Try it –
The entries are to be reproduced verbatim, with all pictures omitted.
Segment Open
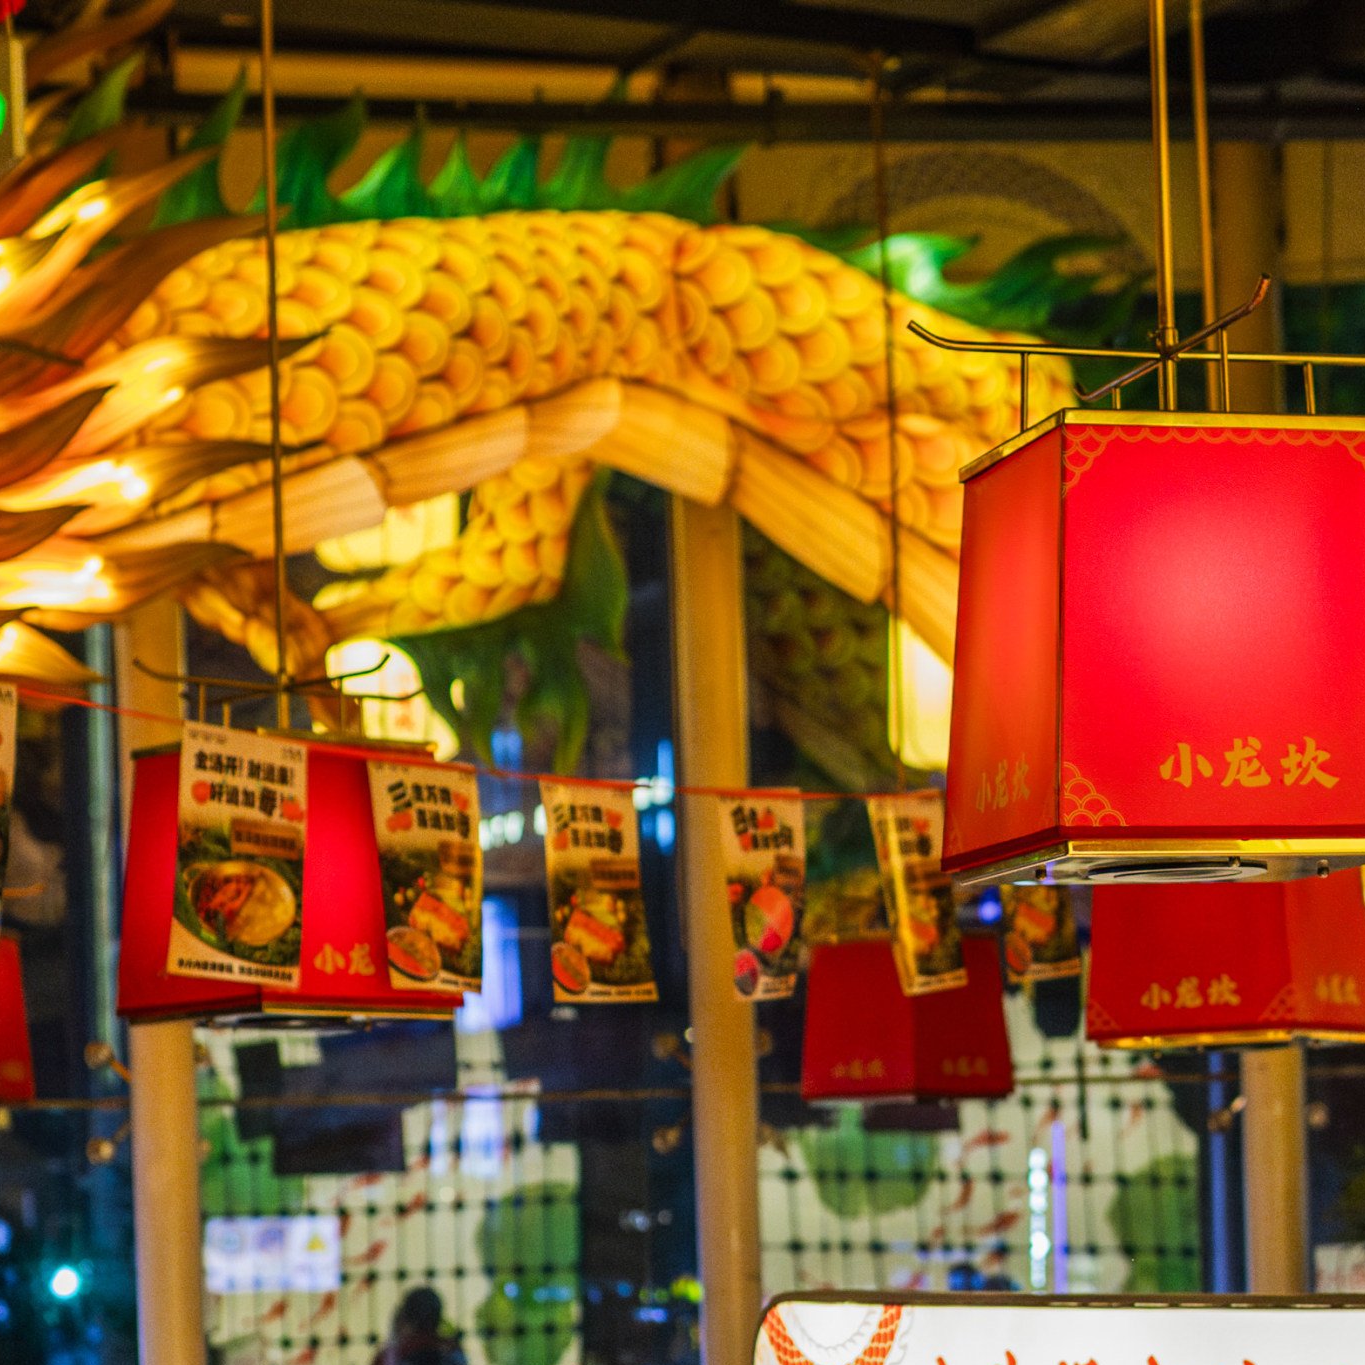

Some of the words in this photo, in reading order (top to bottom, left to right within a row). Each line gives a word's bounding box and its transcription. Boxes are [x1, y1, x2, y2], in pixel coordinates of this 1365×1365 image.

[975, 756, 1031, 814] 小龙坎
[1160, 736, 1341, 790] 小龙坎
[313, 943, 377, 977] 小龙
[1140, 973, 1242, 1011] 小龙坎
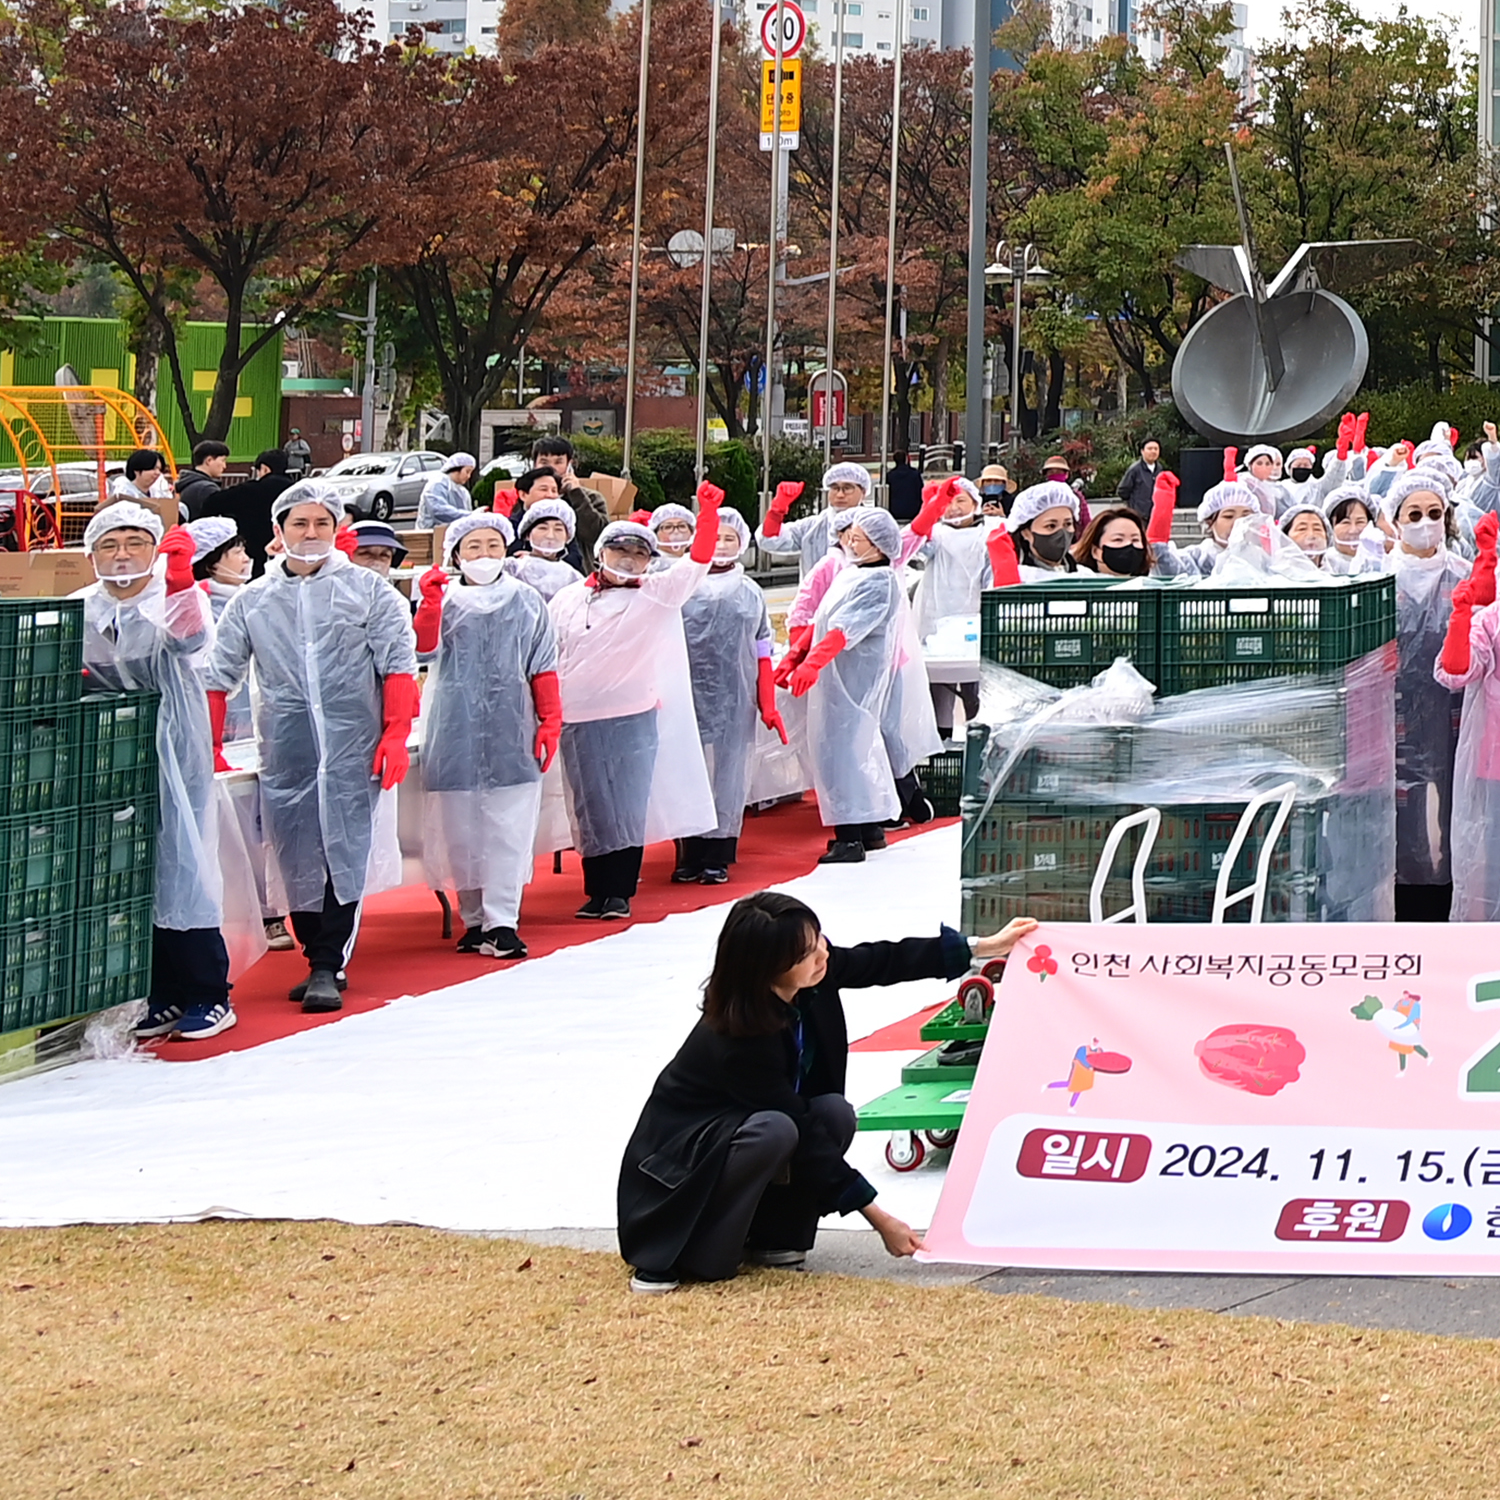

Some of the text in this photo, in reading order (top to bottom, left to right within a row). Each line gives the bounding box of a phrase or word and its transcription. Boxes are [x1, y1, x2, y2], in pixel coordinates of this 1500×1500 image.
Segment Closed
Reply to the task –
Some of the words in this photo, in reading order (top to bottom, left to right within a row). Each line gives a word's bounding box and its transcription. Boxes are [x1, y1, x2, y2], in pixel coordinates of this 1365×1365 image.

[975, 756, 1031, 814] 小龙坎
[1160, 736, 1341, 790] 小龙坎
[313, 943, 377, 977] 小龙
[1140, 973, 1242, 1011] 小龙坎

Some of the text in this photo, in reading order (top to bottom, left to right within a row). Each line gives the bounding box of a phrase or word and its transcription. Boxes are [x1, y1, x2, y2], in pixel coordinates of this 1500×1500 image.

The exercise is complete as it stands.